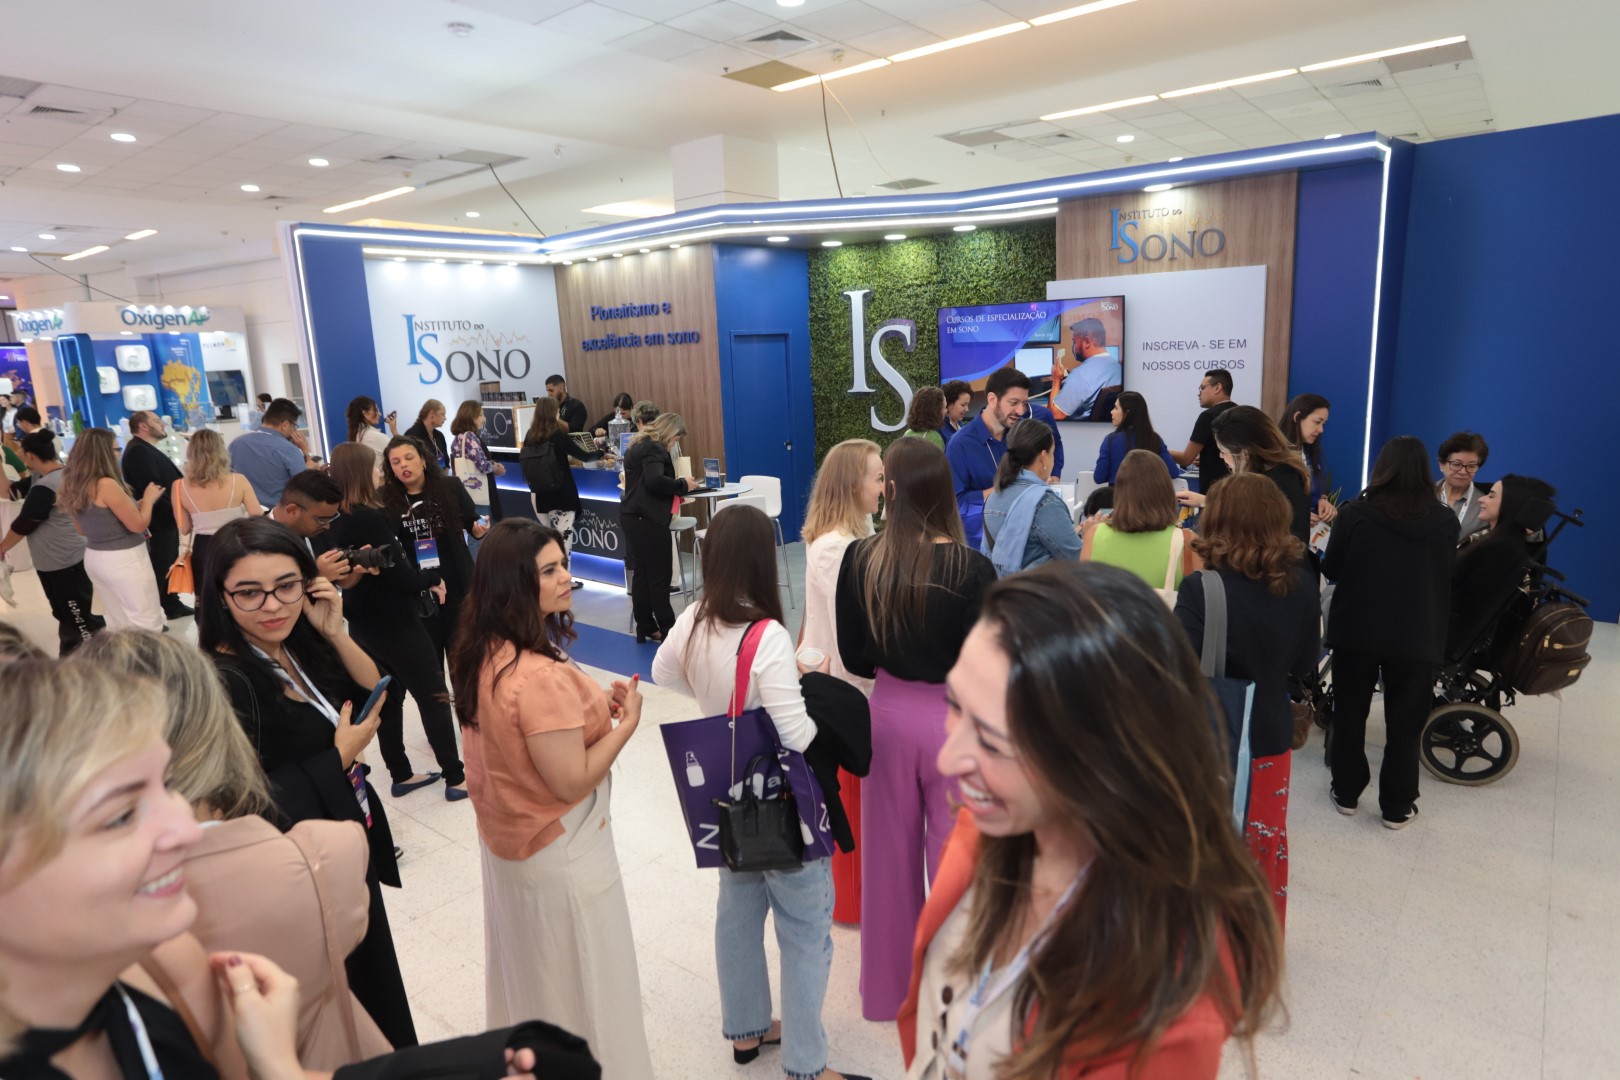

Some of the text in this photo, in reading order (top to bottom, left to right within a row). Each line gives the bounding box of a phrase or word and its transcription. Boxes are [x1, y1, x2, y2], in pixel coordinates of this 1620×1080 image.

[1117, 219, 1226, 264] SONO
[590, 302, 671, 321] Pioneirismo e
[975, 314, 986, 323] DE
[987, 310, 1047, 322] ESPECIALIZAÇÃO
[473, 322, 485, 331] DO
[946, 325, 980, 334] EM SONO
[581, 330, 700, 352] excelência em sono
[1142, 340, 1200, 352] INSCREVA
[1209, 339, 1225, 350] SE
[1228, 338, 1247, 349] EM
[416, 332, 532, 385] SONO
[843, 289, 914, 432] IS
[1142, 359, 1246, 371] NOSSOS CURSOS

*Exercise goal*: Your output must match the records word for word, apart from the images, which are left out.

*Answer space*:
Some of the text in this photo, in reading order (top to bottom, left to right within a row). Each line gives the bounding box of a phrase or word and its transcription. Boxes are [x1, y1, x2, y2], in pixel coordinates of this 1620×1080 image.

[1117, 219, 1226, 264] SONO
[590, 302, 671, 321] Pioneirismo e
[975, 314, 986, 323] DE
[987, 310, 1047, 322] ESPECIALIZAÇÃO
[473, 322, 485, 331] DO
[946, 325, 980, 334] EM SONO
[581, 330, 700, 352] excelência em sono
[1142, 340, 1200, 352] INSCREVA
[1209, 339, 1225, 350] SE
[1228, 338, 1247, 349] EM
[416, 332, 532, 385] SONO
[843, 289, 914, 432] IS
[1142, 359, 1246, 371] NOSSOS CURSOS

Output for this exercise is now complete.